Сириус отбрасывает книгу в сторону и выходит, хлопнув дверью. У лестницы он останавливается, нашаривает пачку сигарет и зажигалку. Руки трясутся так, что он прикуривает со второго раза. Черт знает что. И черт знает, что с этим делать.
– Сириус…
Он не отвечает.
– Сириус, я… прости меня.
Блэк вдавливает сигарету в перила и разворачивается. Гарри с поникшим видом стоит в трех футах и упорно старается не встречаться с ним глазами.
– Подойди ко мне, – командует Сириус.
– Я…
– Отлично.
В два шага он оказывается рядом с Гарри, хватает за плечи. Тот только ниже опускает голову. Сириус ладонью поднимает его лицо. От пунцовых щек пышет жаром, губы искусаны в кровь…
– Гарри, – растерянно шепчет Сириус, – Мальчик. Ну что ты. Это же я. Ты что, меня боишься?
Гарри, зажмурившись, мотает головой.
– Тогда что случилось?
– Ничего…
– Ничего. Разумеется. Садись-ка!
Он опускается на пол. Гарри, помедлив, следует его примеру, и устраивается так, чтобы их тела не соприкасались. Сириус старается не обращать на это внимания.
– Давай наконец поговорим, – произносит он так спокойно, как только может. – Четыре месяца назад ты вытащил меня из-за Арки. Три месяца назад все мыслимые и немыслимые эксперты из Сент-Мунго и министерства подтвердили, что я – именно я. Ты пришел за мной, мы оба были так довольны жизнью, что обнялись, и у меня встал.
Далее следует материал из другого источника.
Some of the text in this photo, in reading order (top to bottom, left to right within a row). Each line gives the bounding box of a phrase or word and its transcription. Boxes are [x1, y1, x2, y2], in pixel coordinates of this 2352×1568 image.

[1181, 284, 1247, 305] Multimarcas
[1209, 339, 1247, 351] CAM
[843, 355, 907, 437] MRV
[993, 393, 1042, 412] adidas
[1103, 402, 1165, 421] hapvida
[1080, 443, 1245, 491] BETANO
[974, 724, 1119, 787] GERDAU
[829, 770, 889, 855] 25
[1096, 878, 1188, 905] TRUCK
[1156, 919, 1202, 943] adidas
Гарри дергается. Сириус не обращает на это никакого внимания и продолжает:
– Я говорил тебе, что это идиотская реакция тела, которое два с половиной года не ощущало никаких прикосновений. Ты со мной соглашался и, если я все правильно помню, не выглядел даже особо смущенным. А через две недели шарахнулся от меня, когда я попросил передать мне соли и коснулся тебя, забирая солонку. Это был первый раз, потом вошло в систему, потом ты ушел жить к Уизли и месяц не появлялся вообще. Четыре дня назад ты вернулся, закрылся в своей комнате и, как можешь, избегаешь встреч со мной. Все это время я пытаюсь поговорить и понять, что происходит, но ты бормочешь невнятицу и сбегаешь. У меня только одно объяснение – ты меня боишься, и тебе противно находиться со мной под одной крышей. Теперь скажи честно и просто – я прав?
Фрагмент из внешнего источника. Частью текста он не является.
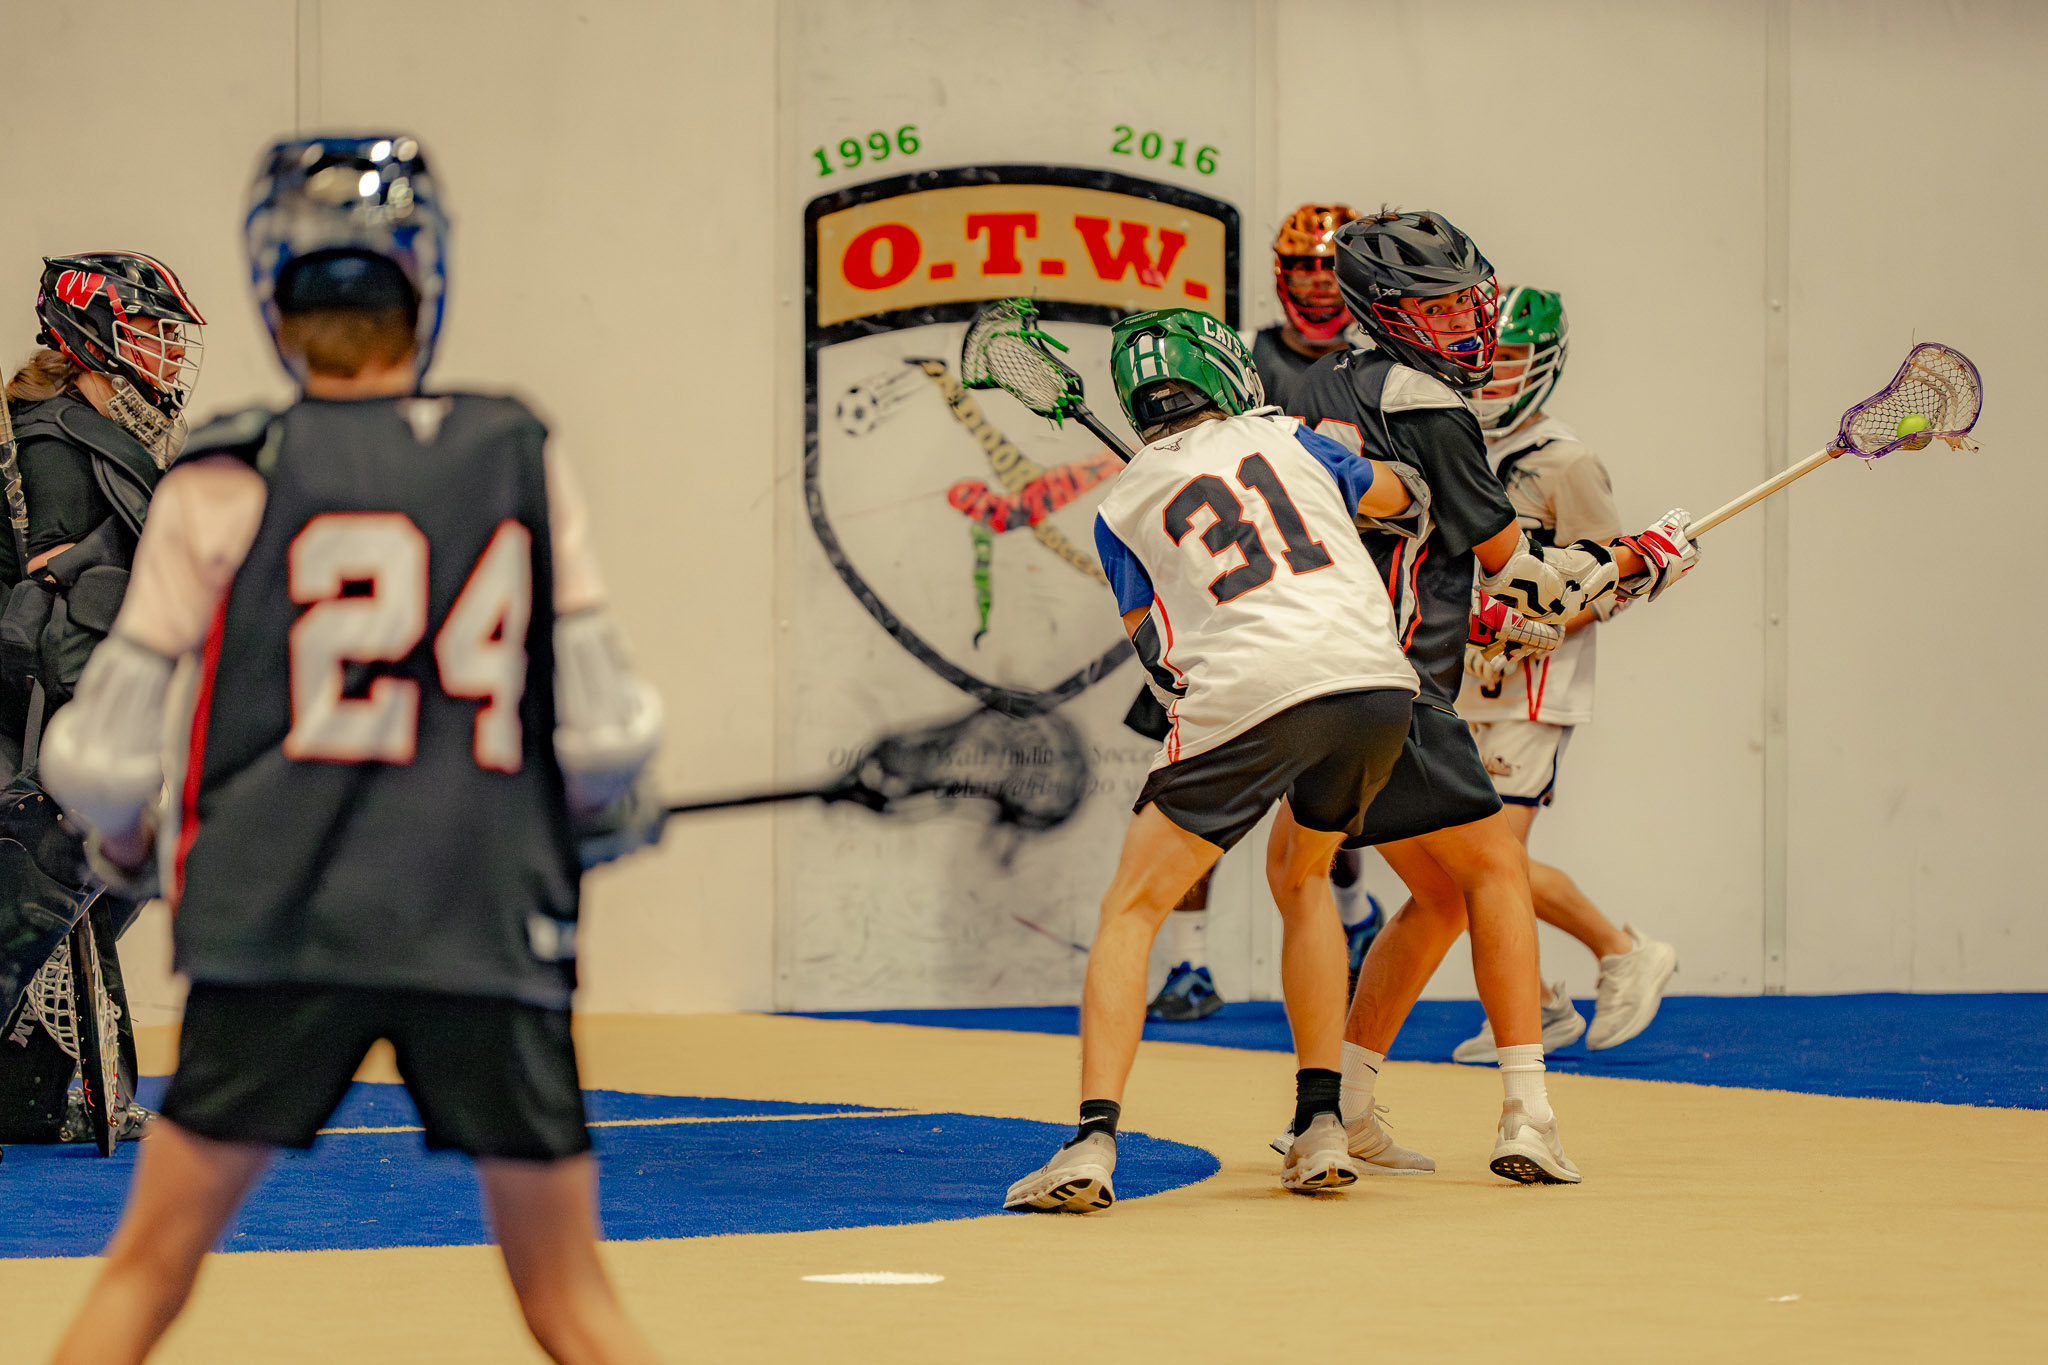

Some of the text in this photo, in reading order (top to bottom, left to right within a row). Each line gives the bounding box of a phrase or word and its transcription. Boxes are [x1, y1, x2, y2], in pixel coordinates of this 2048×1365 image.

[813, 124, 920, 176] 1996
[1111, 125, 1219, 175] 2016
[841, 211, 1210, 300] O.T.W.
[54, 269, 106, 311] W
[1125, 311, 1158, 325] cascade
[1202, 316, 1242, 359] CATS
[1163, 452, 1335, 606] 31
[283, 512, 532, 775] 24
Гарри подтягивает колени к груди, опускает голову на руки, сжимается в комок.
– Нет, – бормочет он глухо. – Нет. Ты неправ. Я б не вернулся, если бы так.
Сириус выдыхает.
– Тогда что с тобой? – спрашивает он мягко. – Что случилось, Гарри?
Гарри молчит, только съеживается еще сильнее – и Сириус не выдерживает. Придвинувшись ближе, он сгребает Гарри за плечи, прижимает к своему боку. Смуглые пальцы вцепляются в рукав его рубашки; Гарри дрожит, футболка на спине мокрая, хоть выжимай, тело под руками – раскаленный камень… Блэк замирает. Зарывается лицом в черные волосы, скользит носом за ухо, вниз по влажной шее, вдыхает глубоко… Когда он отстраняется, сердце бьется у самого горла.
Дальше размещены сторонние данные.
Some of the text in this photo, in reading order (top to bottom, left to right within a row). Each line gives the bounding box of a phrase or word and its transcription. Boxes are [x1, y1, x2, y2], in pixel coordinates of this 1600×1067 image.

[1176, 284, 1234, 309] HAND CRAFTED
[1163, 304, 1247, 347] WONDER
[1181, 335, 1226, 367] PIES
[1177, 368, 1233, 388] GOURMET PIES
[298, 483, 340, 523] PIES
– Ничего не говори, – хрипит он. – Я понял. Подожди. Подожди минуту.
Он откидывается на стену и закрывает лицо руками. В темноте легче думать. Хотя нет. Думать сейчас совершенно невозможно. Но Гарри лучше не видеть, какие у него сейчас глаза, он и так…
– Всё-таки пахнет, да? – спрашивает Гарри тускло. – Я нашел самые надежные чары, какие смог. А оно все равно…
Мерлин. Бедный мальчишка. Сириус быстро приподнимается, обхватывает его двумя руками, тянет вверх, на себя; тот подчиняется, как безвольная кукла.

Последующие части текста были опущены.